Acting Director of the US Citizenship and Immigration Services Ken Cuccinelli speaks during a briefing at the White House August 12, 2019, in Washington, D.C.

BRENDAN SMIALOWSKI/Getty Images

Ken Cuccinelli, the acting deputy secretary of the Department of Homeland Security, left a Thanksgiving Eve bash after he was loudly berated by former Maryland Governor Martin O’Malley for his role in enforcing President Donald Trump’s immigration policies. The two men were at the Dubliner, a bar in Washington, D.C. that is popular with graduates of Gonzaga College High School on Thanksgiving Eve. The two men attended the school.

According to a witness who tweeted about the encounter, Siobhan Arnold, O’Malley was already at the bar when Cuccinelli walked inside. It wasn’t long before the two men were face-to-face and a “shame-invoking tirade” by O’Malley began. “O’Malley was shouting,” Arnold said. “I don’t think Cuccinelli was responding. I think he’s like, ‘Time to go.
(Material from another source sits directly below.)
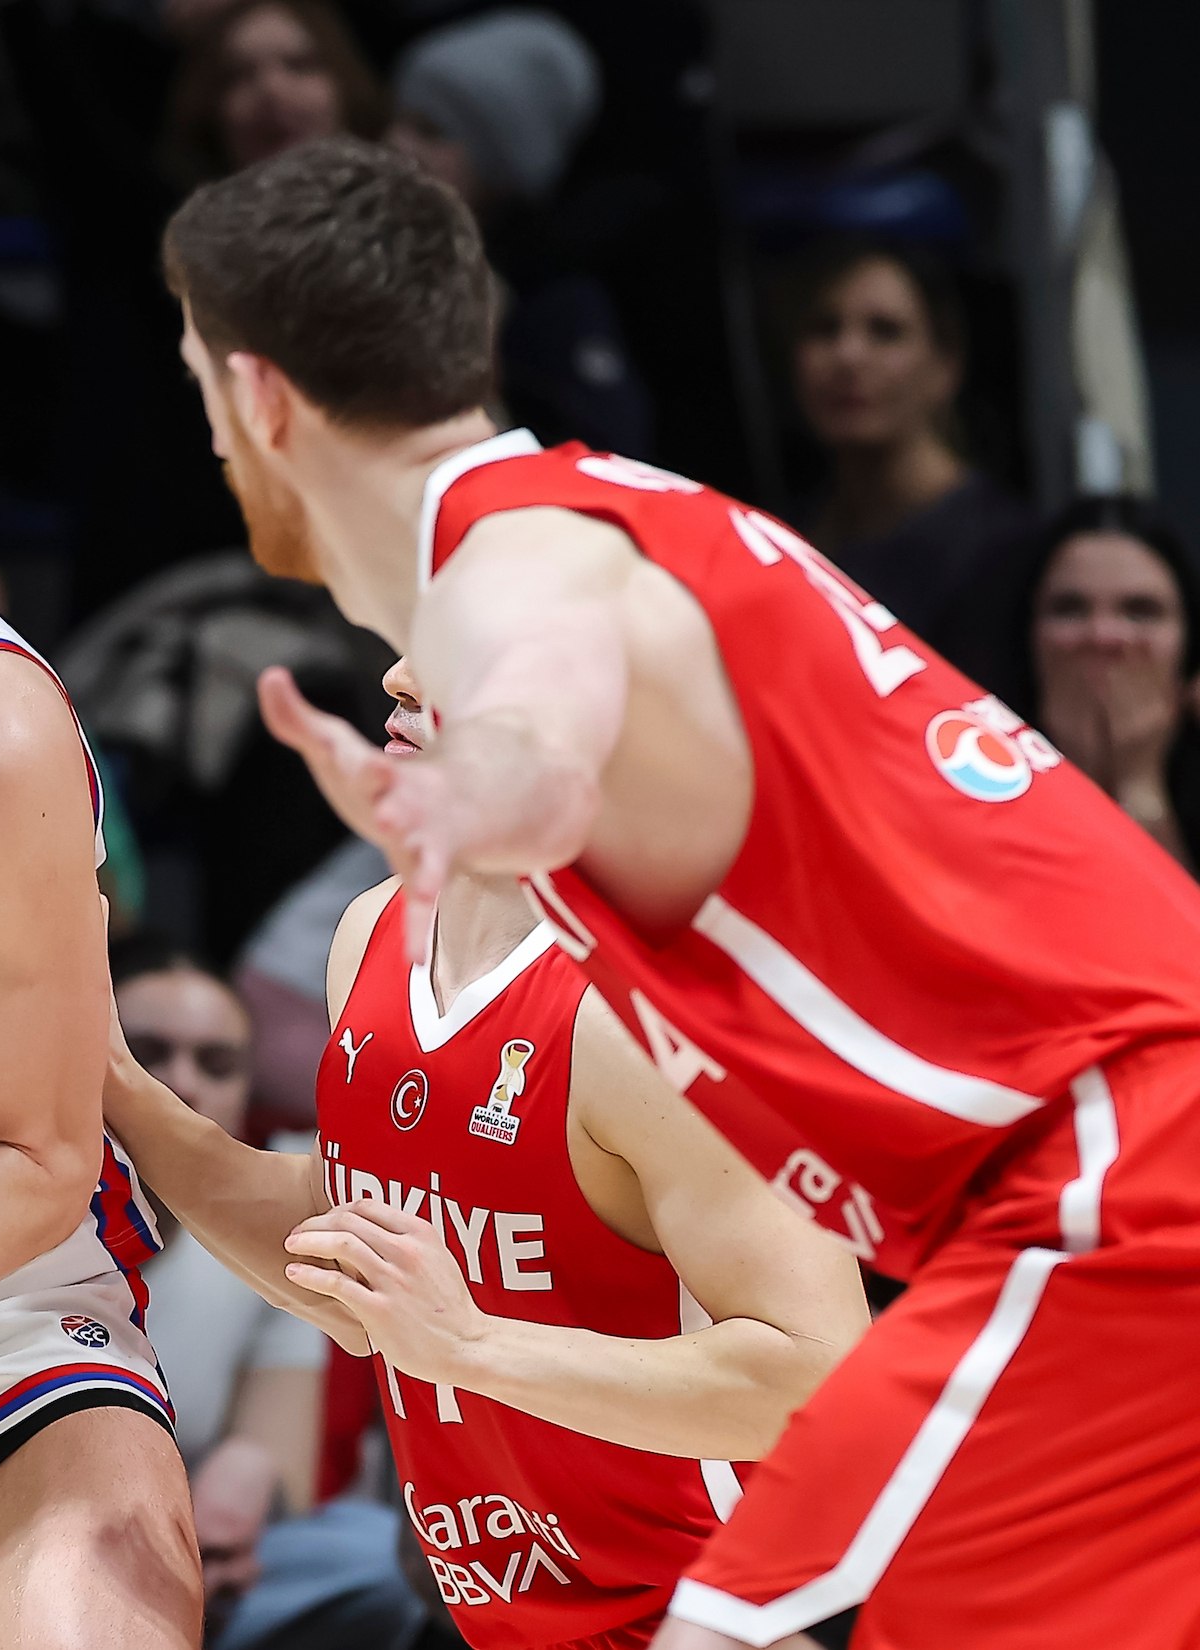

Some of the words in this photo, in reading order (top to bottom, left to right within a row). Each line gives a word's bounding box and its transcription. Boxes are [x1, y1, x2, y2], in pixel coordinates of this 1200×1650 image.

Just got here and I’m leaving.’ He pretty much retreated.”

O’Malley confirmed the encounter to the Washington Post via text message, insisting he didn’t shout at Cuccinelli but said he raised his voice “just to be heard” over the noise at the bar. O’Malley, who was Maryland governor from 2007 to 2015, claims he wasn’t the only one who criticized Cuccinelli, who he described as “the son of immigrant parents who cages children for a fascist president,” for the Trump administration policy of separating migrant children from their parents. “We all let him know how we felt about him putting refugee immigrant kids in cages — certainly not what we were taught by the Jesuits at Gonzaga,” O’Malley, who launched an unsuccessful bid for the Democratic presidential nomination in 2016, wrote.

Cuccinelli has been one of the most hardline defenders of Trump’s immigration policies. Earlier this year, he spoke at the Center for Immigration Studies, which the Southern Poverty Law Center has characterized as an “anti-immigrant hate group.”